(Saved entries)
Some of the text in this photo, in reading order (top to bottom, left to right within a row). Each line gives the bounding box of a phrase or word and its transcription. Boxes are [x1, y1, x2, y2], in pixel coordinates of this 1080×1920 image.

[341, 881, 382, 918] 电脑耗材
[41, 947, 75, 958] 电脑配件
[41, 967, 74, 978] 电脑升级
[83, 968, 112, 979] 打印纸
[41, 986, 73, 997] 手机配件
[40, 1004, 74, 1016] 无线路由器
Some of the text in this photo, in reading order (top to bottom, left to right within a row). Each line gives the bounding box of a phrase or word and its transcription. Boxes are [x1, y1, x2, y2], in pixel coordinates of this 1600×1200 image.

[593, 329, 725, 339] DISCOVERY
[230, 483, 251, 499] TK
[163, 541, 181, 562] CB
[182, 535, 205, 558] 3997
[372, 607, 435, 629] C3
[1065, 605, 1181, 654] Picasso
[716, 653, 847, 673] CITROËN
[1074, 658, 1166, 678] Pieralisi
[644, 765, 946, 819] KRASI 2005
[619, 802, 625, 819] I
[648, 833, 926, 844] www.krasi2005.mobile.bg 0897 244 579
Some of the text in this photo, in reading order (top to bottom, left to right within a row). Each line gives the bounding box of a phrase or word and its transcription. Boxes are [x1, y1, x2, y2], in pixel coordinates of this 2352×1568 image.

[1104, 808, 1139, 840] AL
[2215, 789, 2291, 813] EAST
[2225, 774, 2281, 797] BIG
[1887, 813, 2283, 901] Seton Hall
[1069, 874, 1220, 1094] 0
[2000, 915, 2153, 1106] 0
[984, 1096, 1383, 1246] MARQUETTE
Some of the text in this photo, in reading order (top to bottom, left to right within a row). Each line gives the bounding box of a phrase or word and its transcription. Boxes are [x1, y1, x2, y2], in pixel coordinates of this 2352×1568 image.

_WHAT NEEDS TO BE DONE_. Repeat every record exactly as written, please.

_EXPECTED OUTPUT_.
Some of the text in this photo, in reading order (top to bottom, left to right within a row). Each line gives the bounding box of a phrase or word and its transcription. Boxes are [x1, y1, x2, y2], in pixel coordinates of this 1080×1920 image.

[341, 881, 382, 918] 电脑耗材
[41, 947, 75, 958] 电脑配件
[41, 967, 74, 978] 电脑升级
[83, 968, 112, 979] 打印纸
[41, 986, 73, 997] 手机配件
[40, 1004, 74, 1016] 无线路由器
Some of the text in this photo, in reading order (top to bottom, left to right within a row). Each line gives the bounding box of a phrase or word and its transcription. Boxes are [x1, y1, x2, y2], in pixel coordinates of this 1600×1200 image.

[593, 329, 725, 339] DISCOVERY
[230, 483, 251, 499] TK
[163, 541, 181, 562] CB
[182, 535, 205, 558] 3997
[372, 607, 435, 629] C3
[1065, 605, 1181, 654] Picasso
[716, 653, 847, 673] CITROËN
[1074, 658, 1166, 678] Pieralisi
[644, 765, 946, 819] KRASI 2005
[619, 802, 625, 819] I
[648, 833, 926, 844] www.krasi2005.mobile.bg 0897 244 579
Some of the text in this photo, in reading order (top to bottom, left to right within a row). Each line gives the bounding box of a phrase or word and its transcription. Boxes are [x1, y1, x2, y2], in pixel coordinates of this 2352×1568 image.

[1104, 808, 1139, 840] AL
[2215, 789, 2291, 813] EAST
[2225, 774, 2281, 797] BIG
[1887, 813, 2283, 901] Seton Hall
[1069, 874, 1220, 1094] 0
[2000, 915, 2153, 1106] 0
[984, 1096, 1383, 1246] MARQUETTE
Some of the text in this photo, in reading order (top to bottom, left to right within a row). Each line gives the bounding box of a phrase or word and its transcription. Boxes are [x1, y1, x2, y2], in pixel coordinates of this 2352×1568 image.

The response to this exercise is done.